[Data excerpts]
• • • • • • •
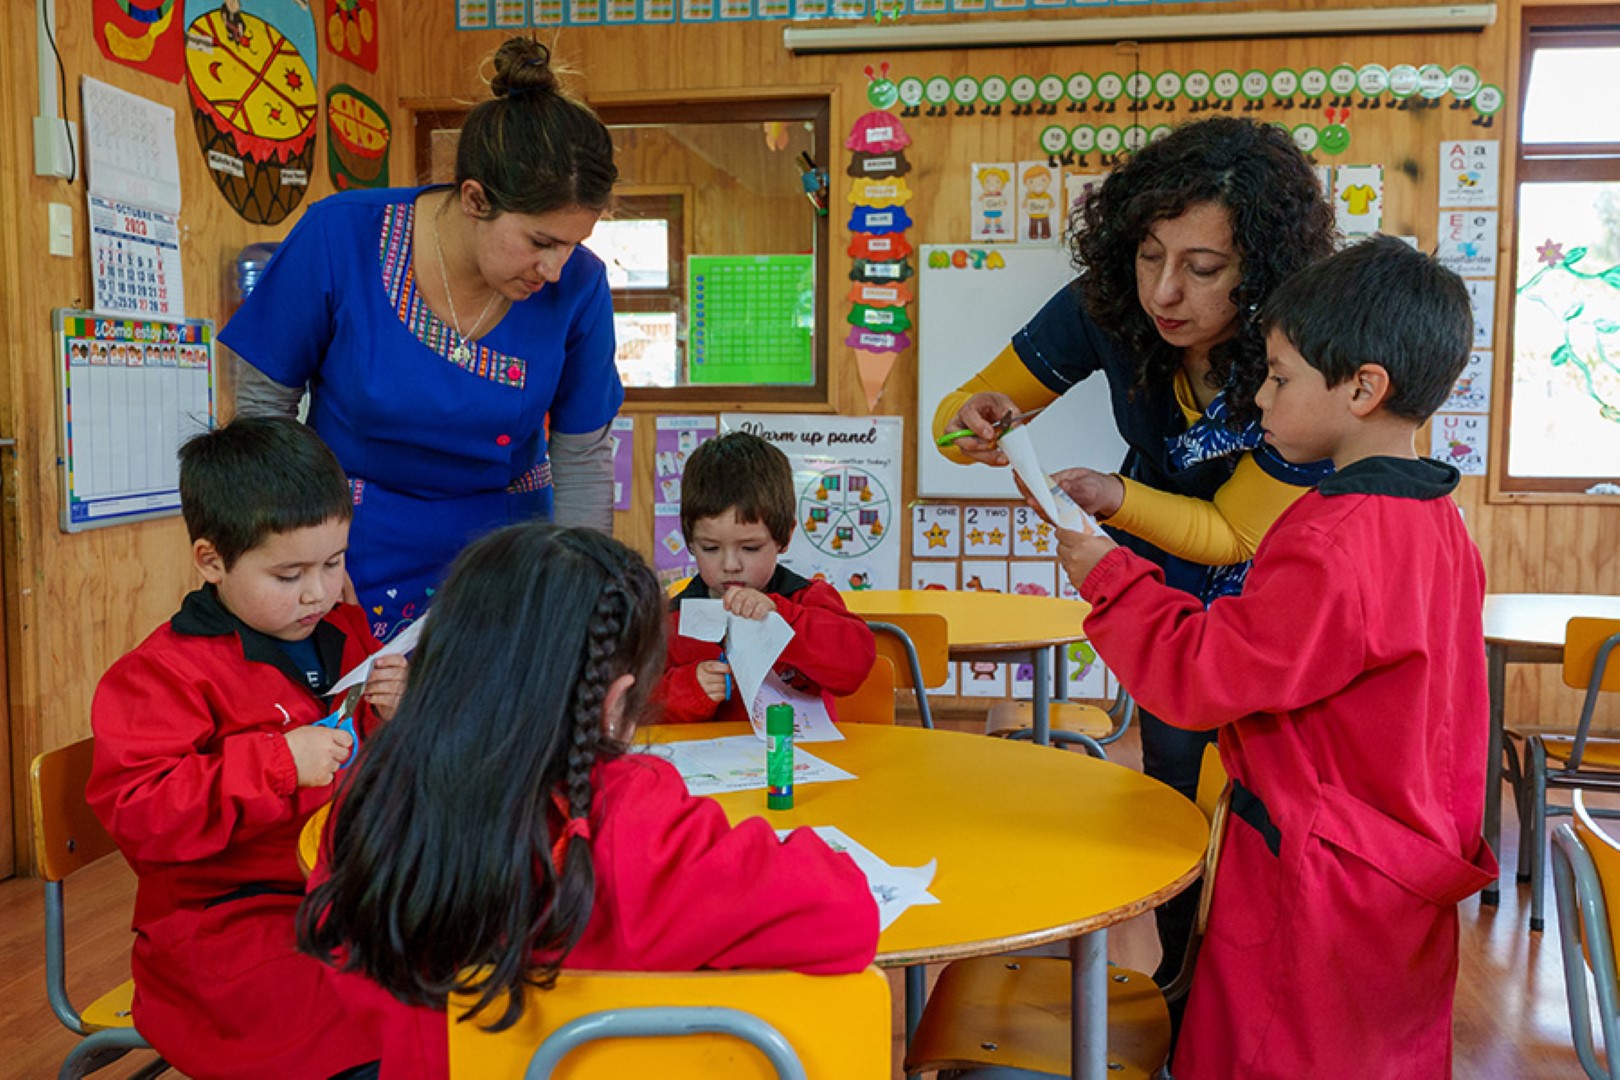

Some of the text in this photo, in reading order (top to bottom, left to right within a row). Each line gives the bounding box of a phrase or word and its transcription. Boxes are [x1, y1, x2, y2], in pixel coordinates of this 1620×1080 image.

[1192, 78, 1204, 87] 10
[1221, 78, 1231, 86] 11
[1482, 92, 1494, 101] 20
[1450, 143, 1486, 156] A a
[124, 216, 148, 236] 2023
[1450, 213, 1487, 227] E e
[134, 325, 160, 343] estoy
[162, 326, 187, 345] hoy?
[1444, 416, 1478, 428] U u
[741, 420, 877, 446] Warm up panel
[917, 507, 957, 523] 1 ONE
[967, 507, 1007, 524] 2 TWO
[1016, 508, 1028, 525] 3
[402, 603, 415, 619] C
[373, 622, 388, 638] B
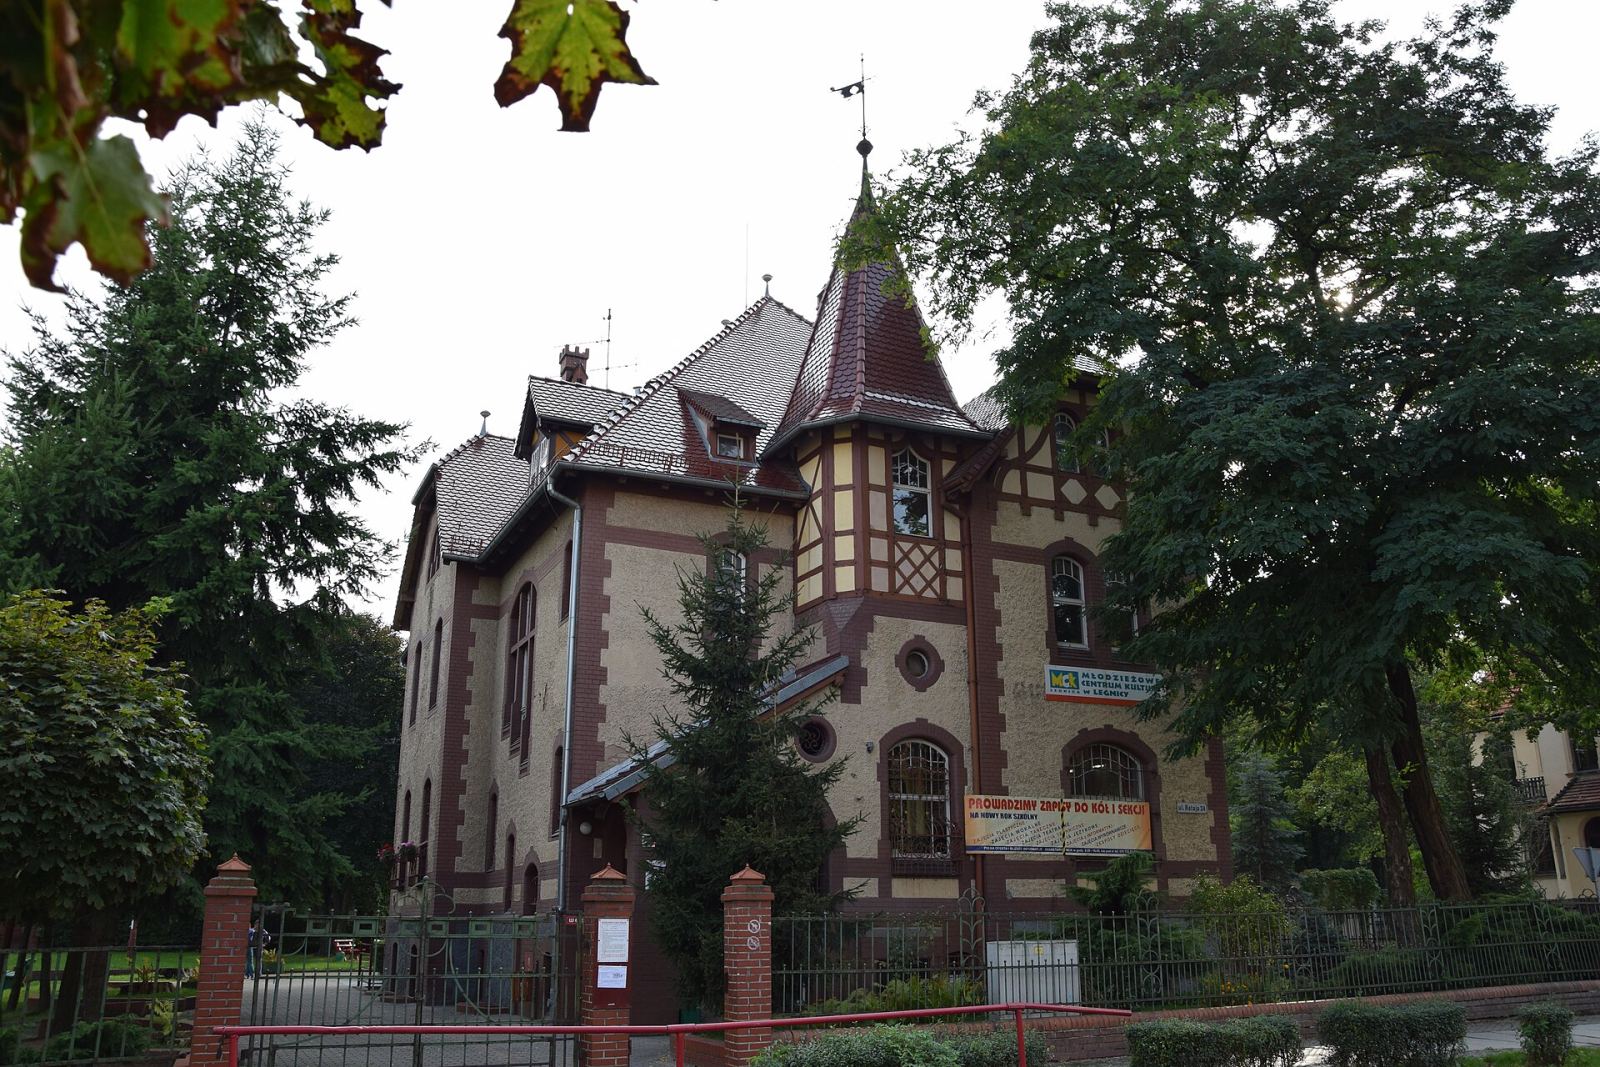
• • • • • • •
- _The problem_
All of the entries above are to be restated word for word, minus the images.

- _Expected output_
Some of the text in this photo, in reading order (top to bottom, left to right within a row). Each line gives the bounding box of a phrase or word and its transcription. Boxes are [x1, y1, x2, y2], in pixel coordinates of this 1620×1080 image.

[1192, 78, 1204, 87] 10
[1221, 78, 1231, 86] 11
[1482, 92, 1494, 101] 20
[1450, 143, 1486, 156] A a
[124, 216, 148, 236] 2023
[1450, 213, 1487, 227] E e
[134, 325, 160, 343] estoy
[162, 326, 187, 345] hoy?
[1444, 416, 1478, 428] U u
[741, 420, 877, 446] Warm up panel
[917, 507, 957, 523] 1 ONE
[967, 507, 1007, 524] 2 TWO
[1016, 508, 1028, 525] 3
[402, 603, 415, 619] C
[373, 622, 388, 638] B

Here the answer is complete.